ASSIGNMENT: Could you copy every record exactly, leaving the pictures behind?

SOURCE DATA:
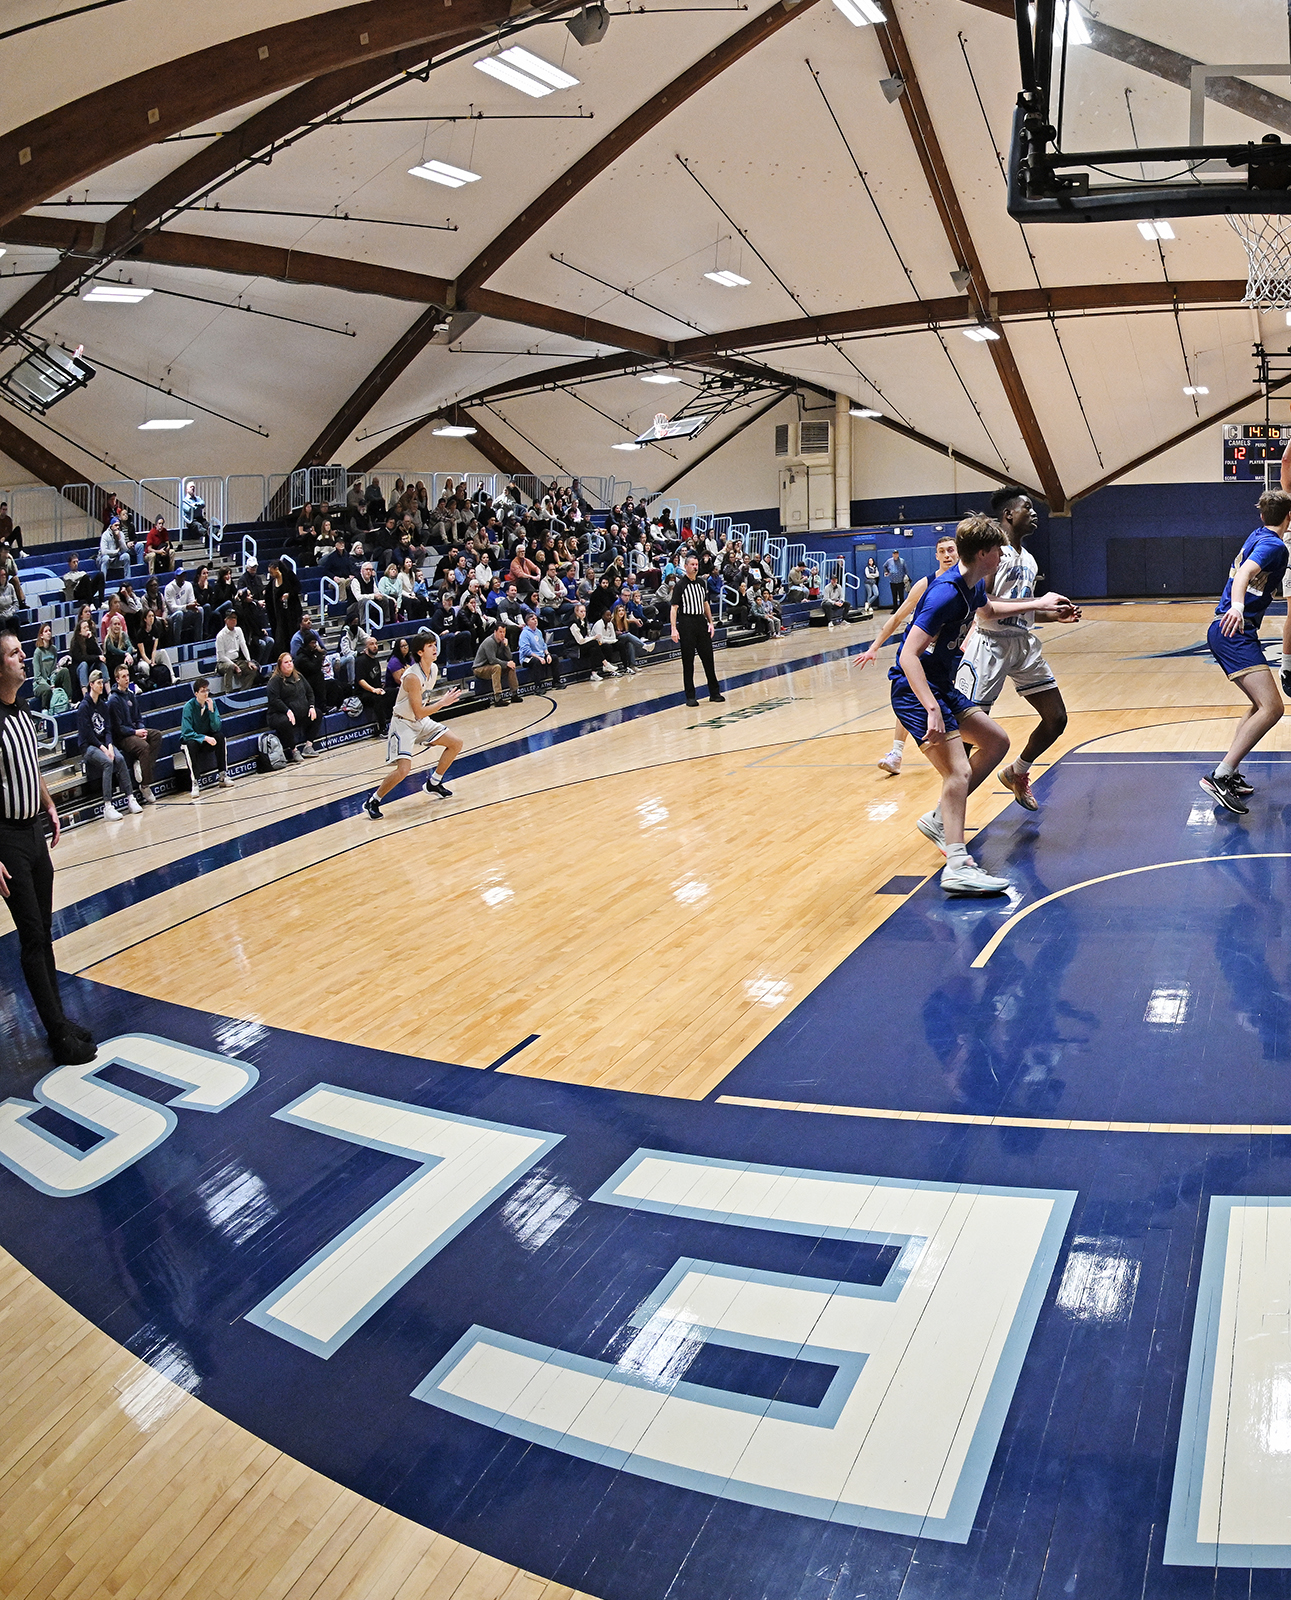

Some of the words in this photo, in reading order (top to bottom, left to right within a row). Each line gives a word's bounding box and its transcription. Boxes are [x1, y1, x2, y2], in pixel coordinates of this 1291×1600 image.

[1249, 426, 1280, 438] 14:16
[1234, 447, 1246, 460] 12
[1262, 448, 1266, 458] 1
[1232, 465, 1236, 474] 1
[215, 761, 257, 783] AHLETICS

SOLUTION:
Some of the words in this photo, in reading order (top to bottom, left to right within a row). Each line gives a word's bounding box and its transcription. Boxes are [x1, y1, x2, y2], in pixel coordinates of this 1291×1600 image.

[1249, 426, 1280, 438] 14:16
[1234, 447, 1246, 460] 12
[1262, 448, 1266, 458] 1
[1232, 465, 1236, 474] 1
[215, 761, 257, 783] AHLETICS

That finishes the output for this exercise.